Ne consegue che il motivo va rigettato.

11. Con il terzo motivo di ricorso la ricorrente lamenta la violazione e falsa applicazione degli articoli 1224, 2697 c.c., nonché dell’articolo 112 c.p.c. ed il vizio di omessa motivazione in relazione alla statuizione con cui la Corte di appello, in accoglimento dell’appello incidentale avversario, aveva riconosciuto agli attori, oltre agli interessi legali, il maggior danno a mente dell’articolo 1224, comma 2, c.c.

Assume la ricorrente che, proposta genericamente domanda diretta al ristoro del danno proveniente da svalutazione monetaria con riguardo ad un credito qualificato come debito di valore, non può il giudice, ritenendo il debito di valuta, applicare d’ufficio il disposto dell’articolo 1224, comma 2, c.c.

In ogni caso, secondo la ricorrente non sarebbe stato provato il maggior danno da svalutazione.

12. Il motivo è fondato sotto il primo profilo.

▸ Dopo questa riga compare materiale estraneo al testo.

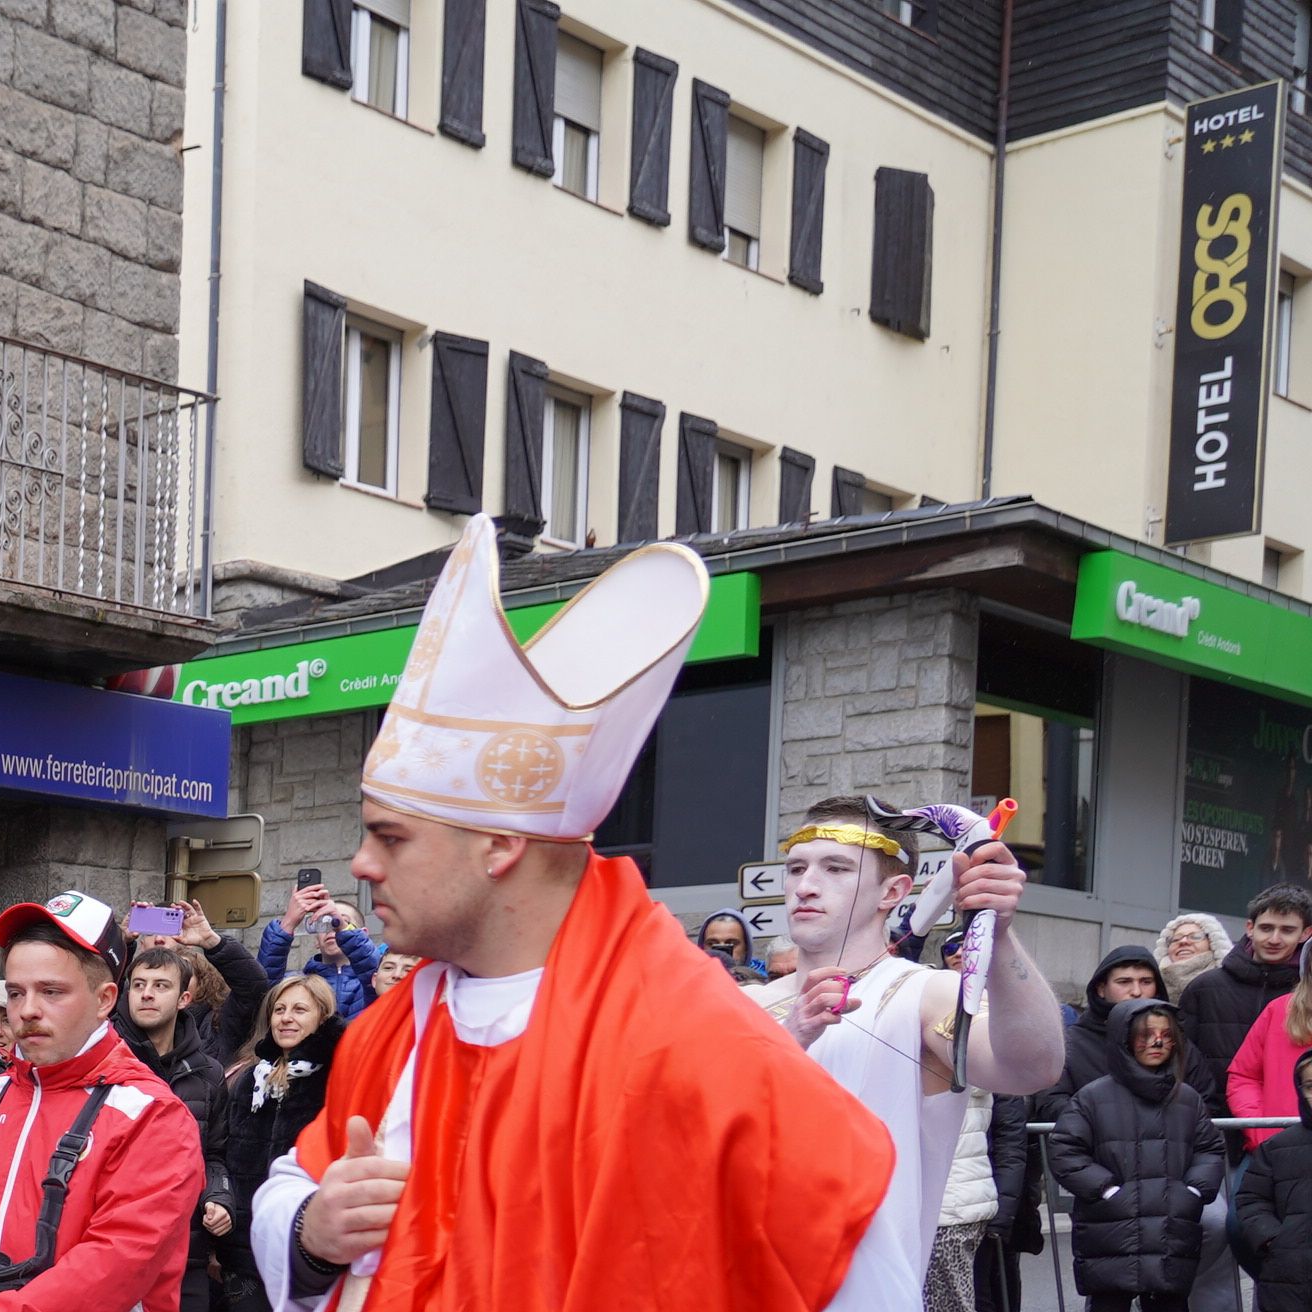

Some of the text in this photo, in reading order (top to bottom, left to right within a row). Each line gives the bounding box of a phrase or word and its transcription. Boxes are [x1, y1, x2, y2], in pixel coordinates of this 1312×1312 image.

[1193, 104, 1265, 135] HOTEL
[1191, 193, 1253, 491] HOTEL OROS
[340, 676, 378, 693] Crèdit
[1, 753, 213, 802] www.ferreteriaprincipat.com
[1192, 844, 1225, 869] CREEN
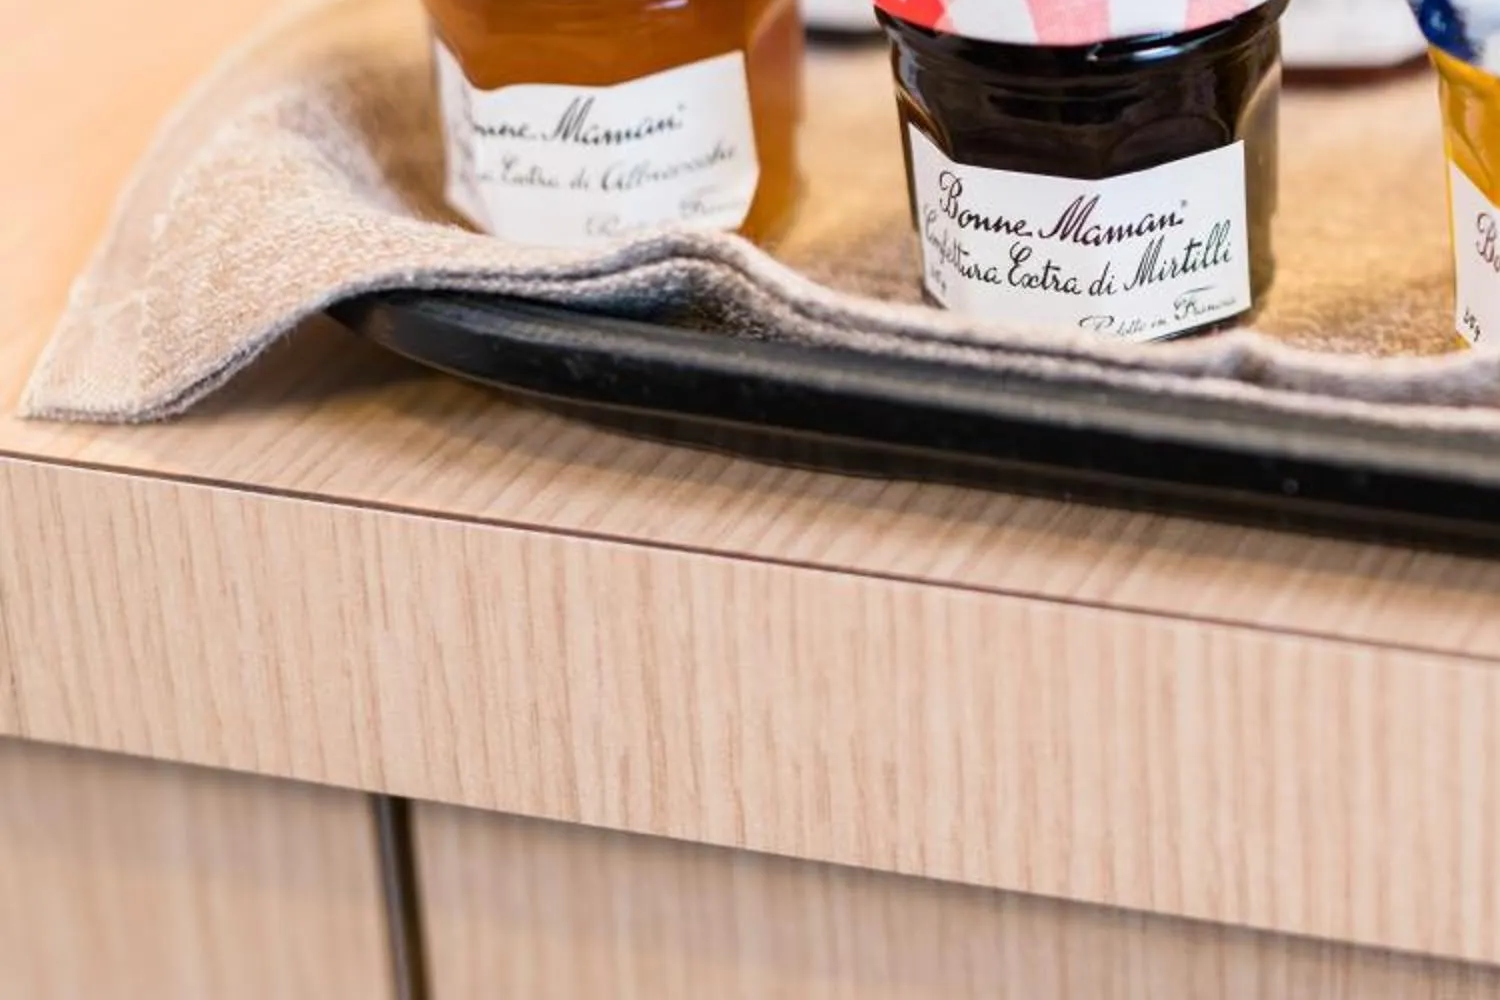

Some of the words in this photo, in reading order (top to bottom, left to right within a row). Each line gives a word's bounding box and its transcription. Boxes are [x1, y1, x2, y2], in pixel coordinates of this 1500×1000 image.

[542, 96, 683, 146] Maman
[939, 170, 1033, 237] Bonne
[1037, 194, 1185, 247] Maman
[1007, 240, 1082, 296] Extra
[1088, 260, 1116, 297] di
[1123, 218, 1233, 290] Mirtilli
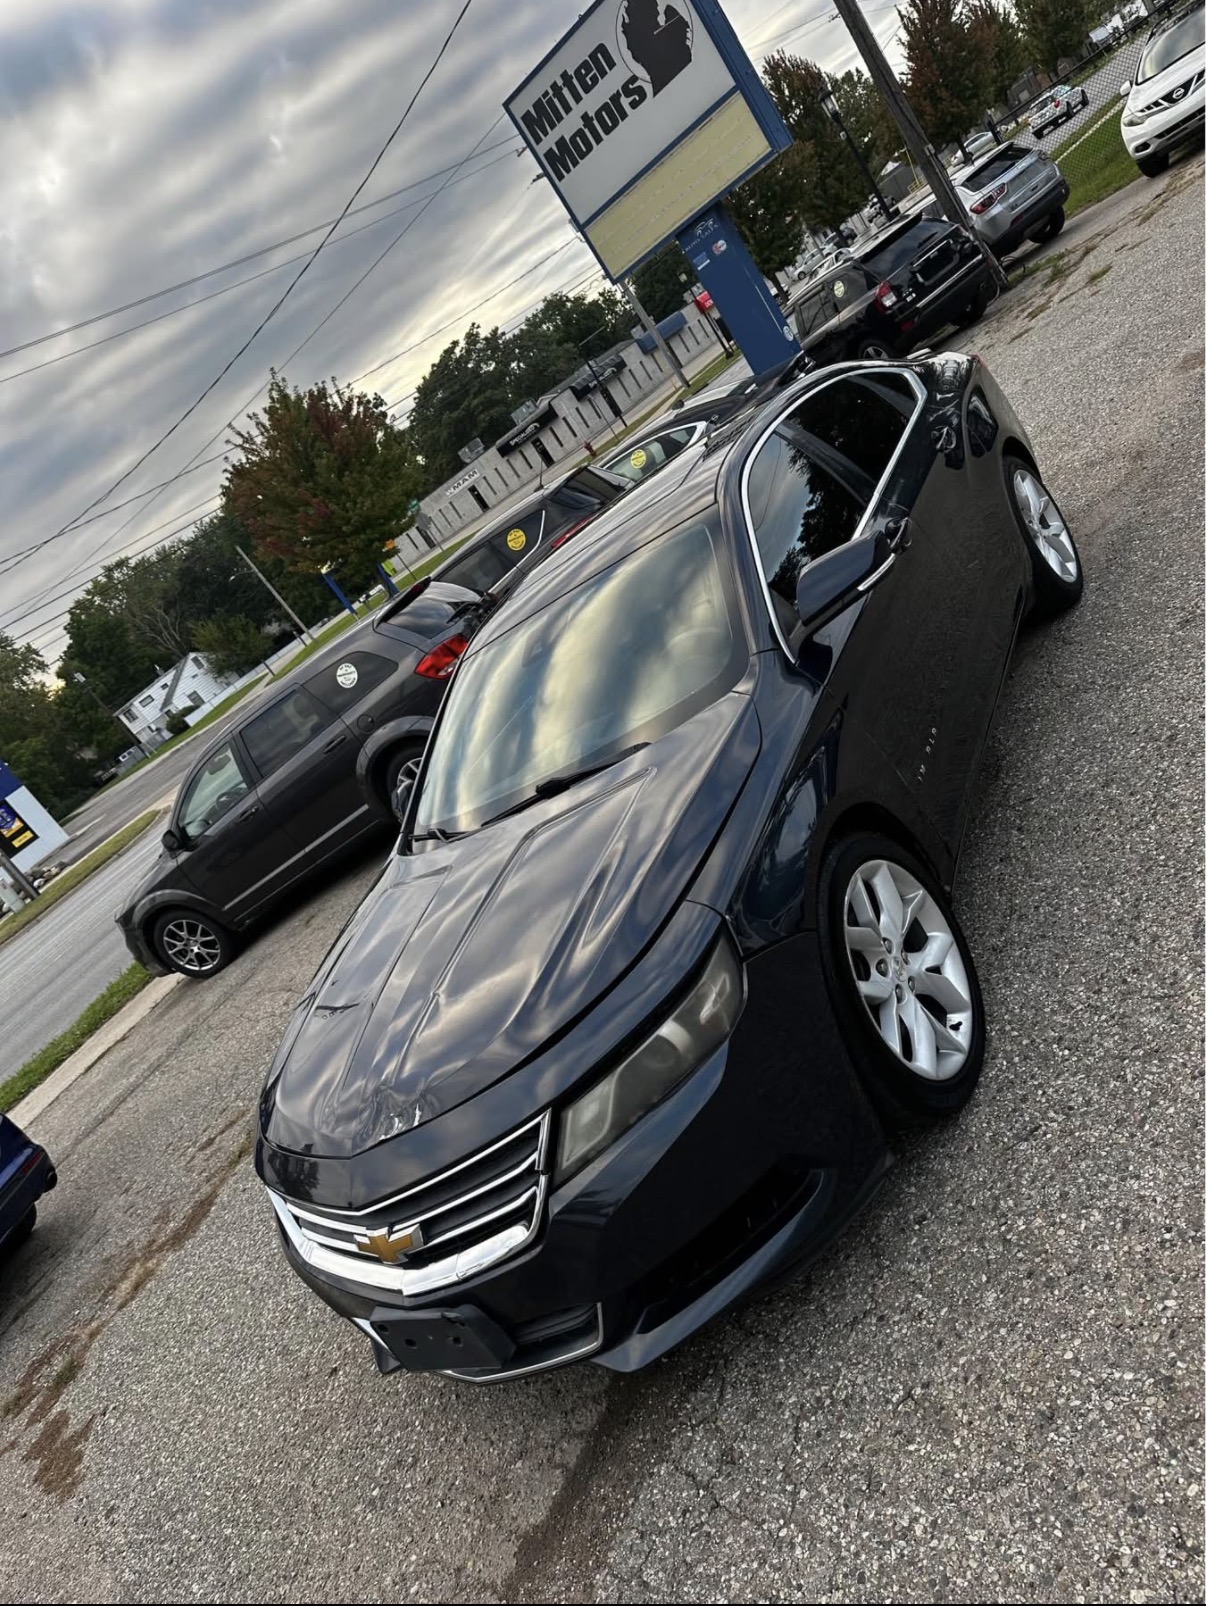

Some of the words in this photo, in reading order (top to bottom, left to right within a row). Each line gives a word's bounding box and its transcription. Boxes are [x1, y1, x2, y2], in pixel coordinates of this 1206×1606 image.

[520, 42, 617, 146] Mitten
[543, 74, 648, 183] Motors
[452, 470, 478, 491] MAM

Infatti va ribadito il principio già affermato da questa Corte suprema (Cassazione 1338/94; 7656/90; 3607/95), secondo cui la domanda di rivalutazione di una rivendicata somma di denaro, risolvendosi nella richiesta di adeguamento automatico dell’importo della stessa ai sopravvenuti mutamenti del valore reale della moneta da correlarsi al fenomeno inflattivo, è pretesa concettualmente diversa da quella in cui, in relazione a un dedotto inadempimento di un’obbligazione pecuniaria, si chieda, in aggiunta agli interessi legali di mora, diretti a compensare il danno presuntivo connesso a quell’inadempimento, il ristoro dell’asserito ulteriore e maggiore pregiudizio, causato dal ritardato soddisfacimento delle proprie ragioni creditorie: le due istanze in discorso, infatti, hanno presupposti e contenuto non assimilabili, sicché la proposizione dell’una non può equivalere a quella dell’altra.

Nella fattispecie gli attori avevano richiesto la rivalutazione delle somme versate, ritenendo che nella fattispecie si trattasse di debito di valore, e tanto hanno continuato a ritenere nel controricorso.

Essi non hanno proposto una domanda di "maggior danno" a norma dell’articolo 1224, comma 2, c.c., applicabile solo in tema di obbligazioni pecuniarie e, quindi di valuta, ma solo di adeguamento dell’equivalente pecuniario al valore del bene perduto, per cui fanno riferimento nel controricorso ad un danno in re ipsa.

Avendo (ed esattamente) la Corte di merito ritenuto che si trattasse di obbligazione pecuniaria, quindi debito di valuta e non di valore, in ogni caso non poteva liquidare il maggior danno da svalutazione a norma dell’articolo 1224, comma 2, C.c., in assenza di una domanda in tal senso, tempestivamente proposta.

La mancanza di detta domanda comporta che, in accoglimento del terzo motivo di ricorso, la sentenza impugnata vada cassata sul punto della concessa rivalutazione (3 per cento fino al 15 dicembre 1990 e successivamente all’1 gennaio 1997) senza rinvio.

Esistono giusti motivi per compensare per intero tra le parti le spese di questo giudizio di Cassazione, mentre va confermato il regolamento delle spese del giudizio di merito.

P.Q.M.

accoglie il terzo motivo di ricorso e rigetta gli altri.

Cassa senza rinvio la sentenza impugnata in relazione al motivo accolto.

Compensa per intero tra le parti le spese di questo giudizio di Cassazione, confermando il regolamento delle spese del giudizio di merito.